# ASSIGNED TASK
An exact reprint of every record below is required, with the pictures left out.

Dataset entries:
========================================================================

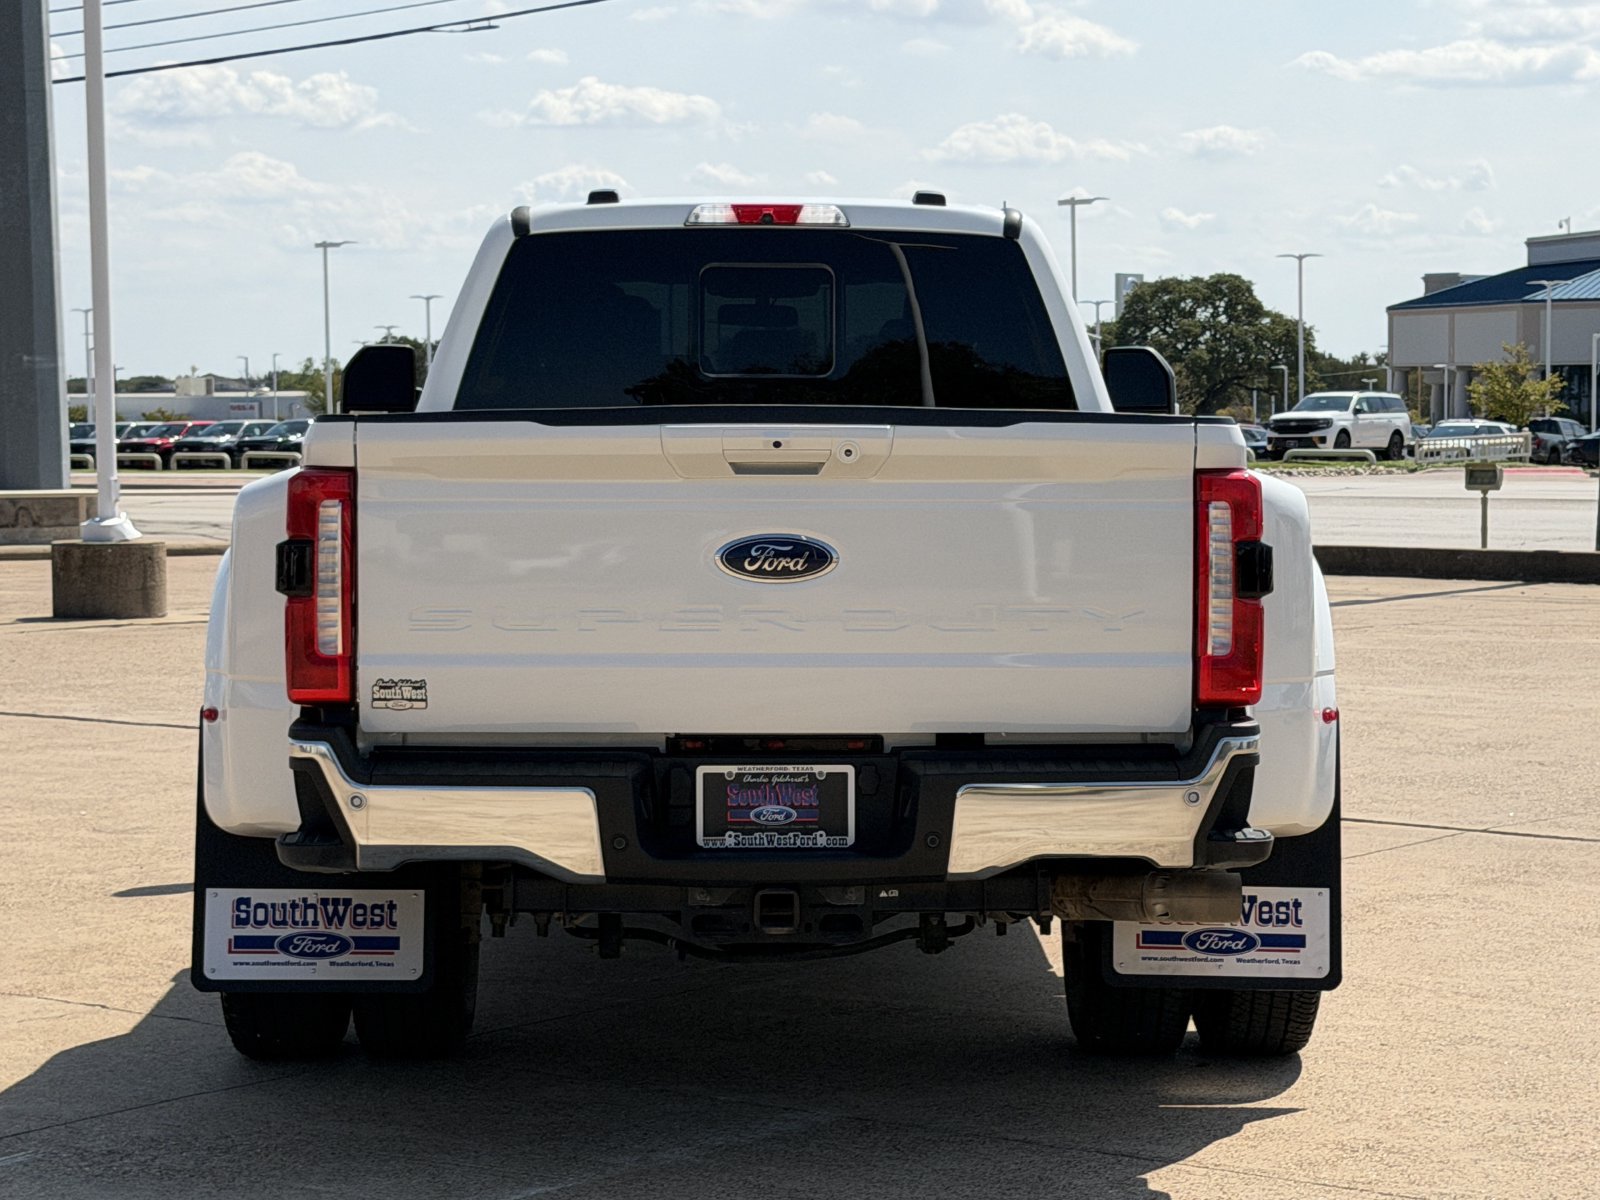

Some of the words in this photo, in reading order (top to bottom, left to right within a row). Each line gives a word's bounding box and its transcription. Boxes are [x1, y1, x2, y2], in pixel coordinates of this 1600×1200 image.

[744, 544, 809, 571] Ford
[408, 604, 804, 631] SUPER
[841, 604, 1147, 631] DUTY
[727, 784, 819, 807] SouthWest
[760, 809, 787, 821] Ford
[703, 832, 848, 848] www.SouthWestFord.com
[232, 897, 398, 930] SouthWest
[289, 935, 341, 954] Ford
[1195, 931, 1247, 951] Ford

========================================================================

# EXERCISE OUTPUT
Some of the words in this photo, in reading order (top to bottom, left to right within a row). Each line gives a word's bounding box and its transcription. Boxes are [x1, y1, x2, y2], in pixel coordinates of this 1600×1200 image.

[744, 544, 809, 571] Ford
[408, 604, 804, 631] SUPER
[841, 604, 1147, 631] DUTY
[727, 784, 819, 807] SouthWest
[760, 809, 787, 821] Ford
[703, 832, 848, 848] www.SouthWestFord.com
[232, 897, 398, 930] SouthWest
[289, 935, 341, 954] Ford
[1195, 931, 1247, 951] Ford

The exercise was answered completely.